▸ Work item
Where a record contains a picture, omit it; otherwise reproduce the listing exactly.

▸ Records provided
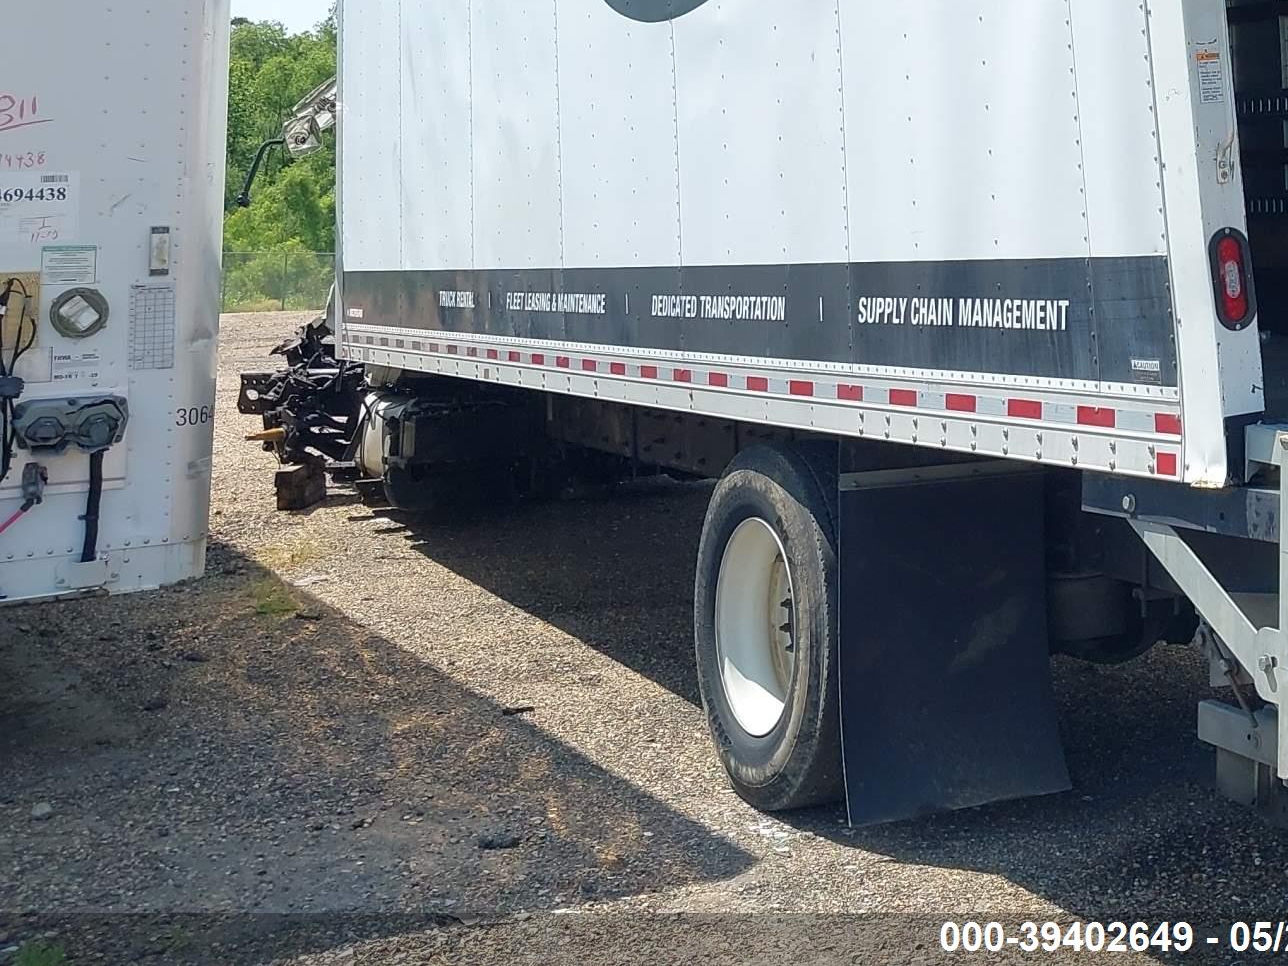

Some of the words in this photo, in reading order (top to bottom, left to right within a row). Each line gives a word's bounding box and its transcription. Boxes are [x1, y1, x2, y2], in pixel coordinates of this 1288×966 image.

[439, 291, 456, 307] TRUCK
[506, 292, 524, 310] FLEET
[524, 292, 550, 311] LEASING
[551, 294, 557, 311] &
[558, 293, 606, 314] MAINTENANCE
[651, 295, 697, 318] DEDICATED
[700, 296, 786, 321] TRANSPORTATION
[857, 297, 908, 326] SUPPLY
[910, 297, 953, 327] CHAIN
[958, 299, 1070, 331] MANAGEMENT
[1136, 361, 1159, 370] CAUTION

▸ Problem solution
Some of the words in this photo, in reading order (top to bottom, left to right within a row). Each line gives a word's bounding box and its transcription. Boxes are [x1, y1, x2, y2], in pixel coordinates of this 1288×966 image.

[439, 291, 456, 307] TRUCK
[506, 292, 524, 310] FLEET
[524, 292, 550, 311] LEASING
[551, 294, 557, 311] &
[558, 293, 606, 314] MAINTENANCE
[651, 295, 697, 318] DEDICATED
[700, 296, 786, 321] TRANSPORTATION
[857, 297, 908, 326] SUPPLY
[910, 297, 953, 327] CHAIN
[958, 299, 1070, 331] MANAGEMENT
[1136, 361, 1159, 370] CAUTION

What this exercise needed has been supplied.